Drilling into the payments sector, the increase was larger, according to a newly released report from the ITRC, a San Diego-based non-profit. There were 287 data breaches in 2019 involving payment card and other types of data such as email addresses and other personal information, up 25% from 230 in 2018. The 2019 breaches exposed more than 23.3 million records. Some 2.16 million records were compromised in the 150 breaches that exposed payment card information only.

The 230 breaches in 2018 that exposed payment card and other data involved more than 412.7 million records. Much of the difference between the 2018 and 2019 exposures stemmed from the Marriott hotels breach that came to light in late 2018. That breach involved 383 million records alone, the ITRC says.

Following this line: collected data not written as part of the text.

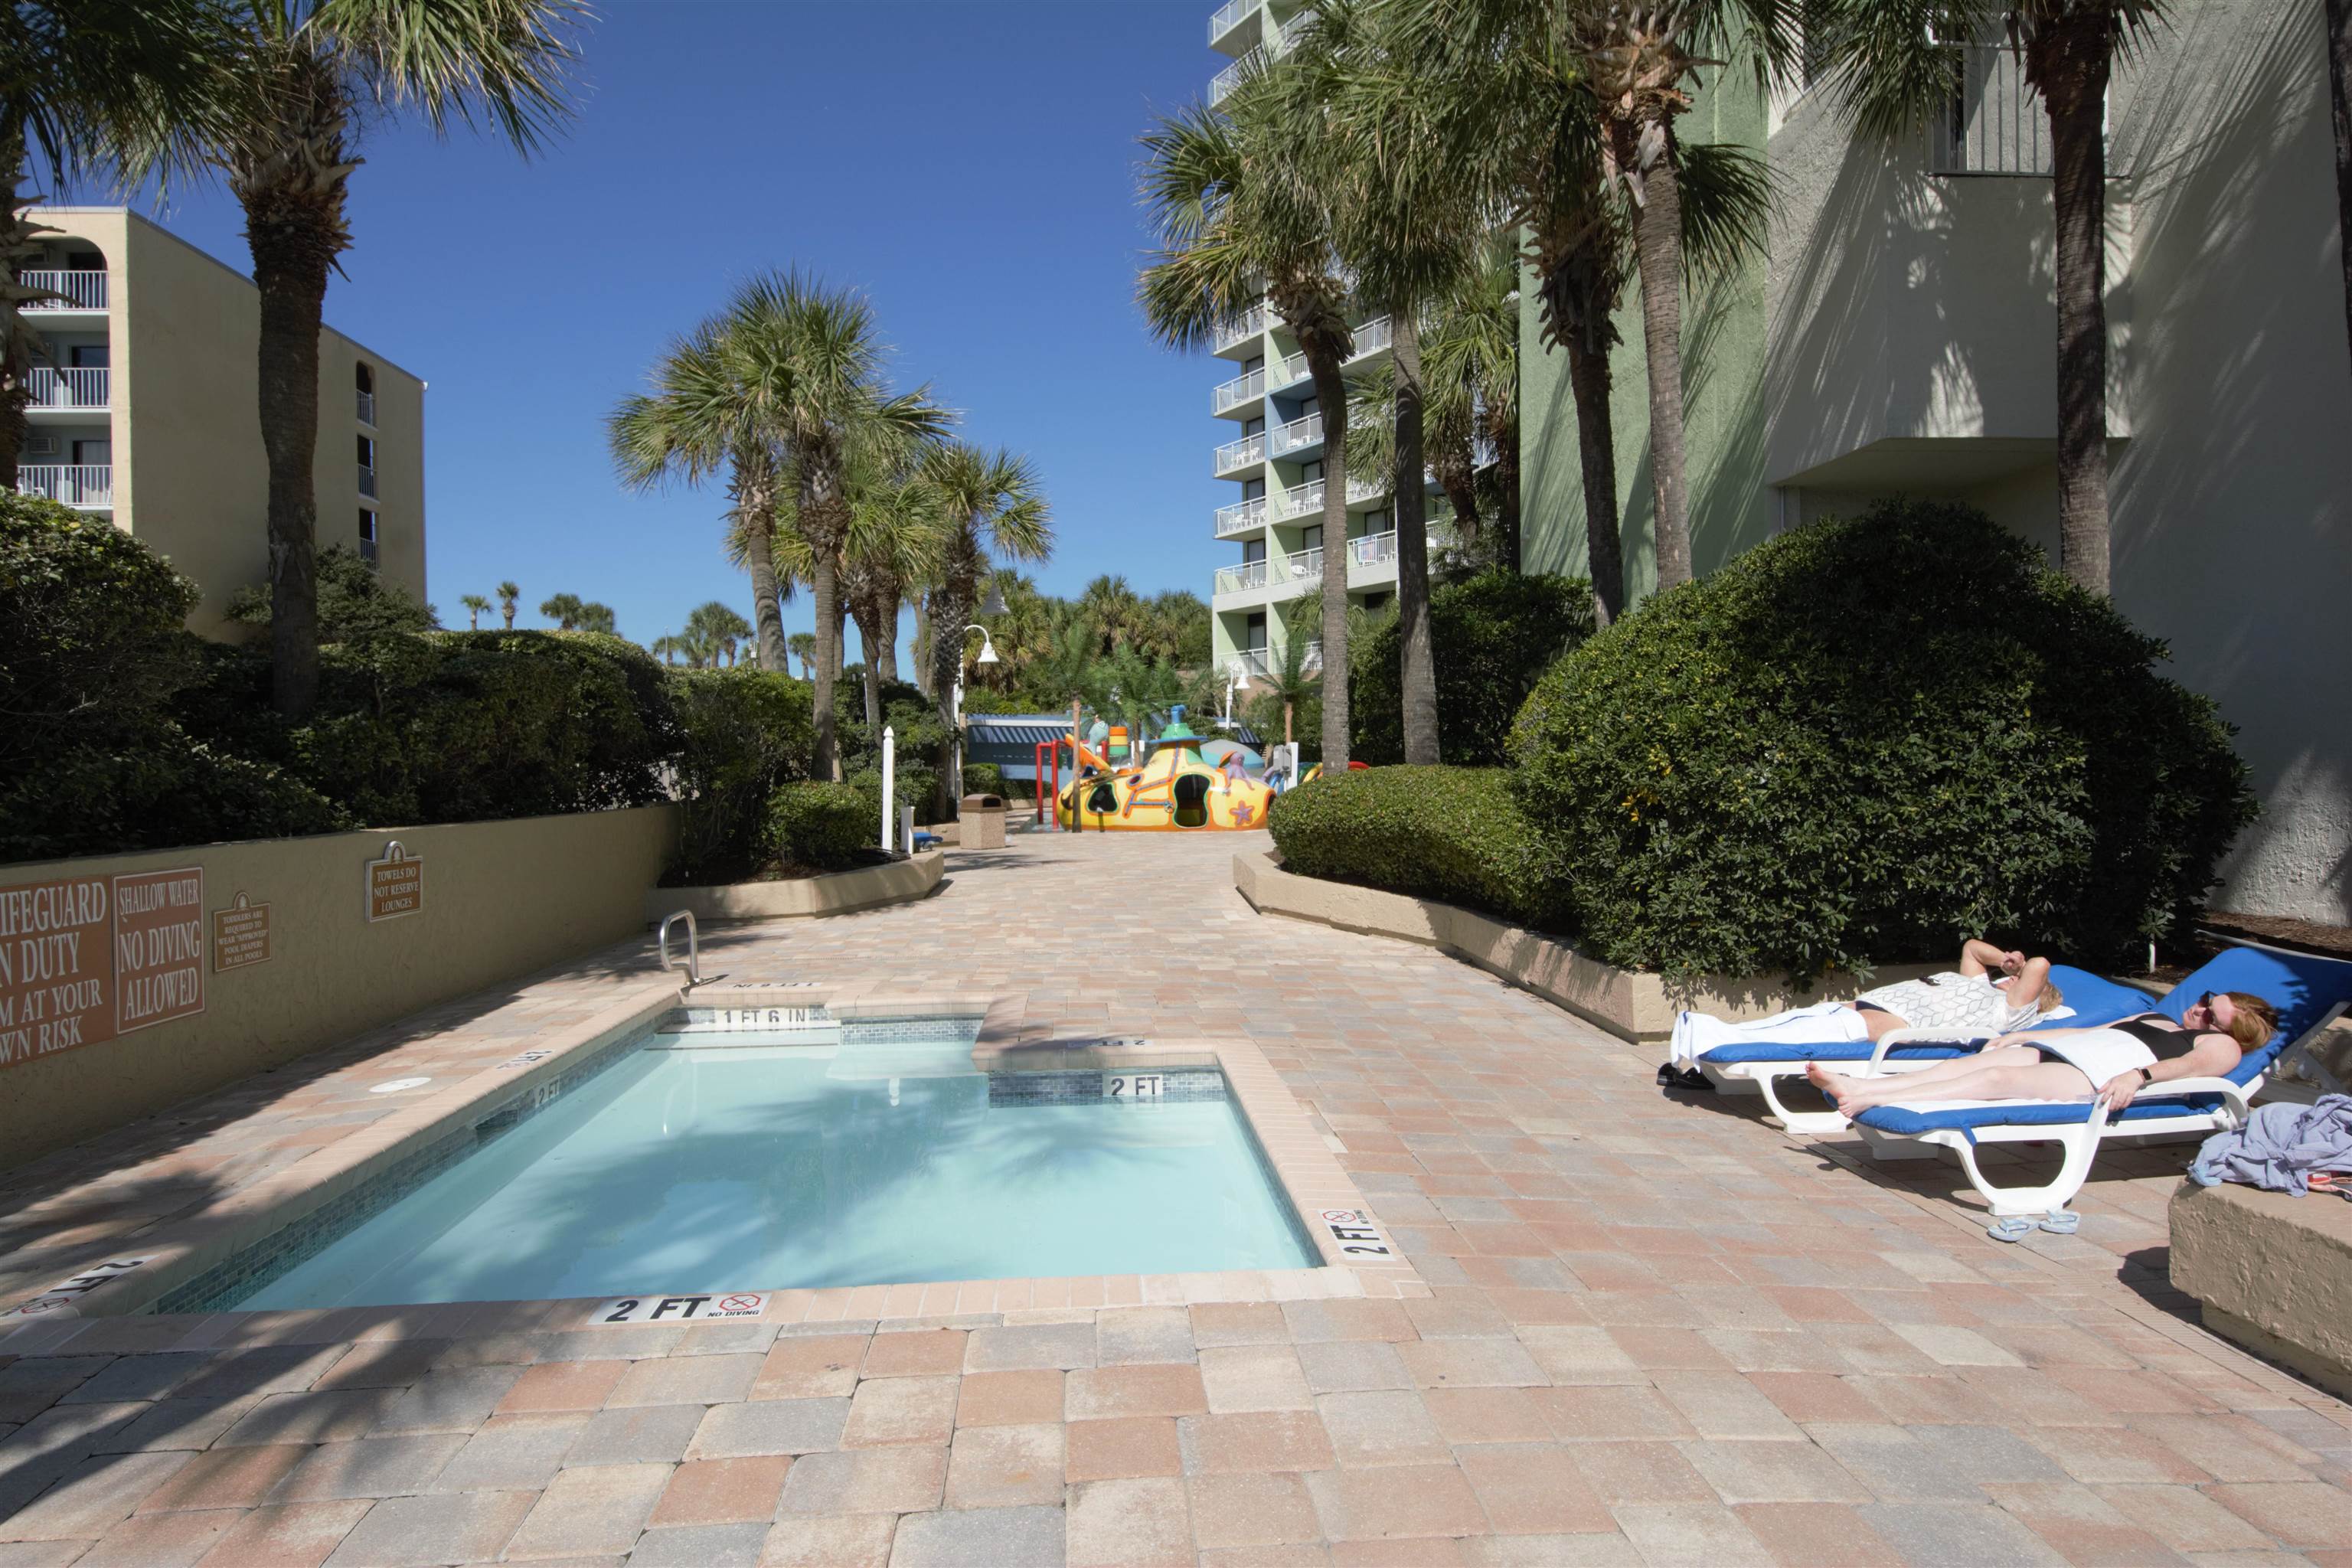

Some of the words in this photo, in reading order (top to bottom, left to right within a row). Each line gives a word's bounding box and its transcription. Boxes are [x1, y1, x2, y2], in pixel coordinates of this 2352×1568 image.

[377, 867, 404, 882] TOWELS
[406, 867, 416, 877] DO
[119, 882, 166, 916] SHALLOW
[168, 879, 199, 906] WATER
[374, 886, 390, 899] NOT
[390, 881, 420, 895] RESERVE
[381, 897, 412, 913] LOUNGES
[253, 910, 263, 919] ARE
[224, 922, 253, 934] REQUIRED
[254, 920, 262, 929] TO
[119, 930, 144, 973] NO
[148, 920, 201, 966] DIVING
[218, 936, 235, 945] WEAR
[224, 945, 239, 955] POOL
[240, 940, 263, 952] DIAPERS
[20, 932, 80, 983] DUTY
[233, 954, 243, 964] ALL
[245, 951, 263, 961] POOLS
[21, 989, 47, 1024] AT
[51, 978, 103, 1015] YOUR
[124, 967, 198, 1021] ALLOWED
[724, 1010, 732, 1024] 1
[742, 1010, 760, 1023] FT
[768, 1009, 779, 1023] 6
[789, 1008, 805, 1022] IN
[38, 1015, 83, 1054] RISK
[539, 1087, 545, 1105] 2
[548, 1078, 559, 1099] FT
[1111, 1078, 1125, 1096] 2
[1135, 1076, 1159, 1095] FT
[1330, 1225, 1380, 1240] FT
[1344, 1246, 1390, 1255] 2
[48, 1274, 120, 1292] FT
[605, 1299, 639, 1322] 2
[649, 1297, 711, 1319] FT

Almost 11 million records were exposed in 2018’s 119 breaches that compromised only payment card information.

Notable 2019 breaches involving payment card data were Quest Diagnostics, which involved 11.9 million records, and 6.4 million records in the breach at EatStreet, a food-delivery service, according to the ITRC.

The scale of breaches involving credit and debit card data remains worrisome, even as the payments industry and merchants adopt new measures to secure cardholder data, according to the ITRC. One issue involves the coming migration to EMV chip card acceptance at the fuel pump. In October, fuel retailers will have to accept EMV transactions—and pay for expensive components and software upgrades to do that—or take liability for fraud from magnetic-stripe card transactions.

“The volume of payment cards exposed and the continuing struggle to secure some POS systems shows there is still work to be done,” says James Lee, chief operating officer of the center. “Pay-at-the-pump systems are of particular concern as legacy systems have not yet moved to the more secure chip-and-PIN technology. Bluetooth and wireless skimmers are proof that hackers innovate faster than the business community can implement new protections.”

Analysts say the transition to EMV at fuel pumps is likely to be far from complete by October. Another extension of the migration date, already postponed from 2017 to 2020, was rejected by the card brands late last year.